__Information supplied__:
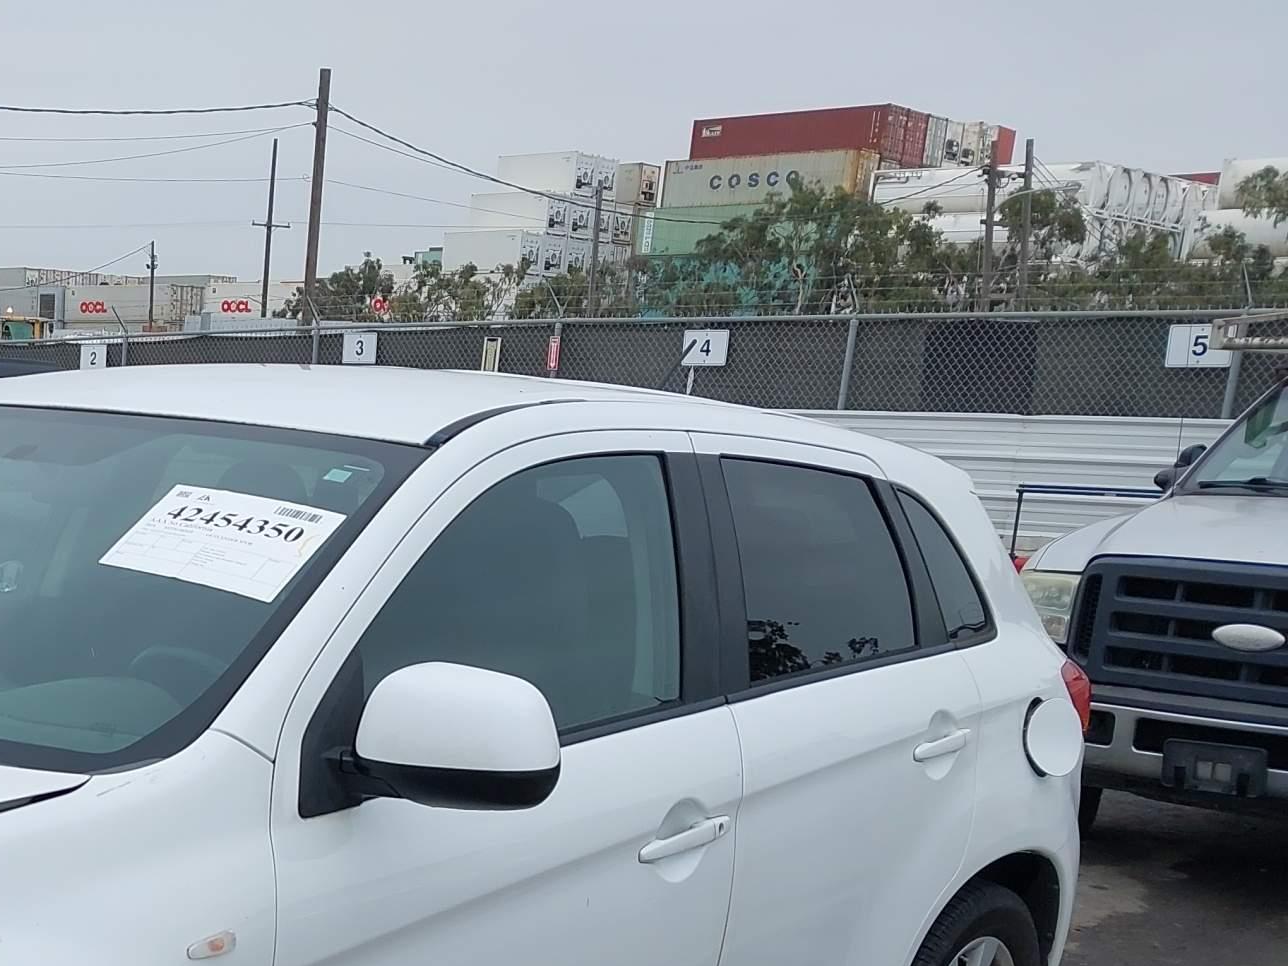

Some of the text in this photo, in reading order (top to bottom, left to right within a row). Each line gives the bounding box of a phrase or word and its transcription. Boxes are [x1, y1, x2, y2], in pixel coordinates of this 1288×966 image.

[709, 170, 800, 190] COSCO
[80, 301, 108, 314] OOCL
[221, 300, 252, 313] OOCL
[355, 340, 364, 356] 3
[699, 339, 712, 357] 4
[1192, 335, 1209, 356] 5
[89, 351, 97, 366] 2
[167, 505, 305, 543] 42454350
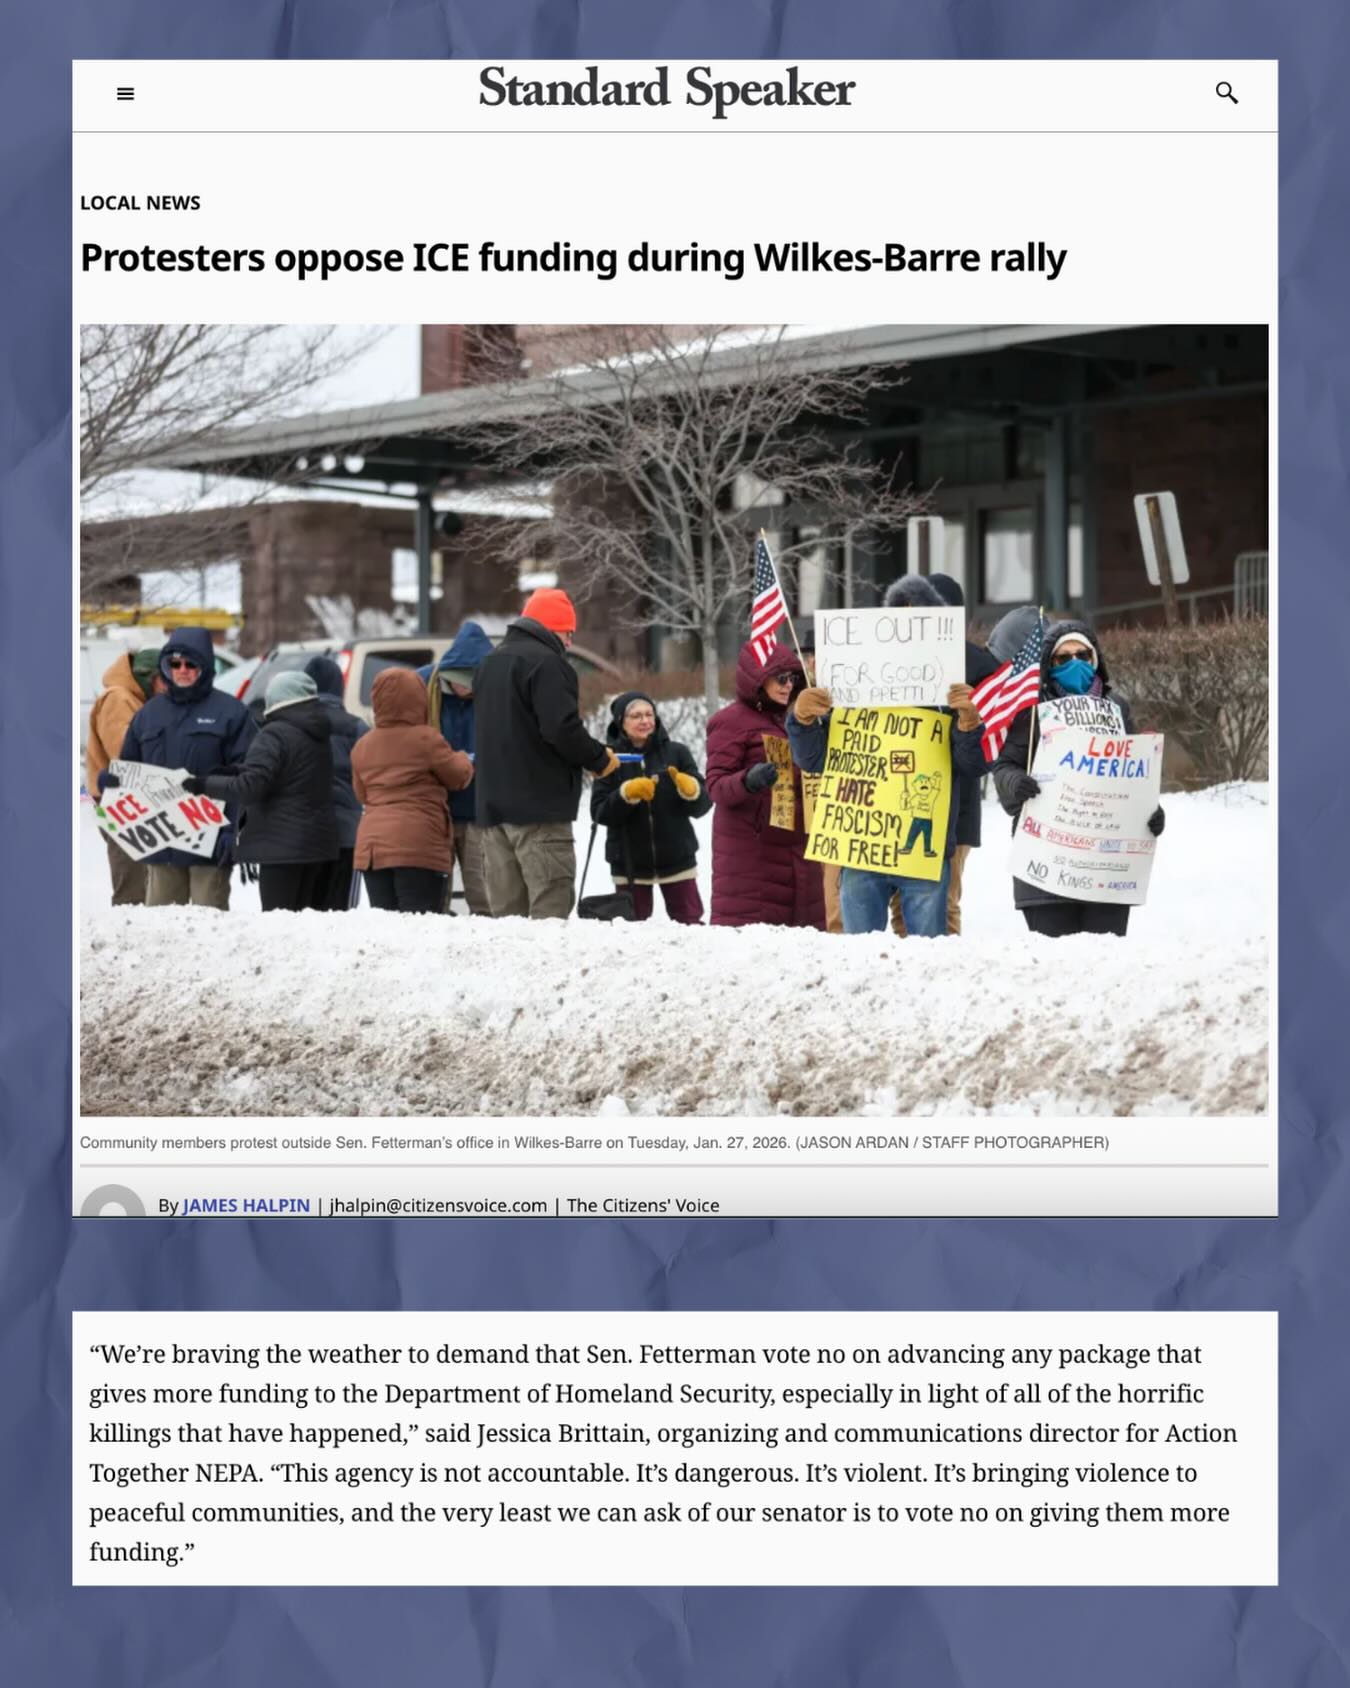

__Activity__: Could you reproduce the listing above word for word while leaving out its pictures?

__Answer for this exercise__:
Some of the text in this photo, in reading order (top to bottom, left to right within a row). Each line gives the bounding box of a phrase or word and its transcription. Boxes are [x1, y1, x2, y2], in pixel coordinates of this 1288×966 image.

[709, 170, 800, 190] COSCO
[80, 301, 108, 314] OOCL
[221, 300, 252, 313] OOCL
[355, 340, 364, 356] 3
[699, 339, 712, 357] 4
[1192, 335, 1209, 356] 5
[89, 351, 97, 366] 2
[167, 505, 305, 543] 42454350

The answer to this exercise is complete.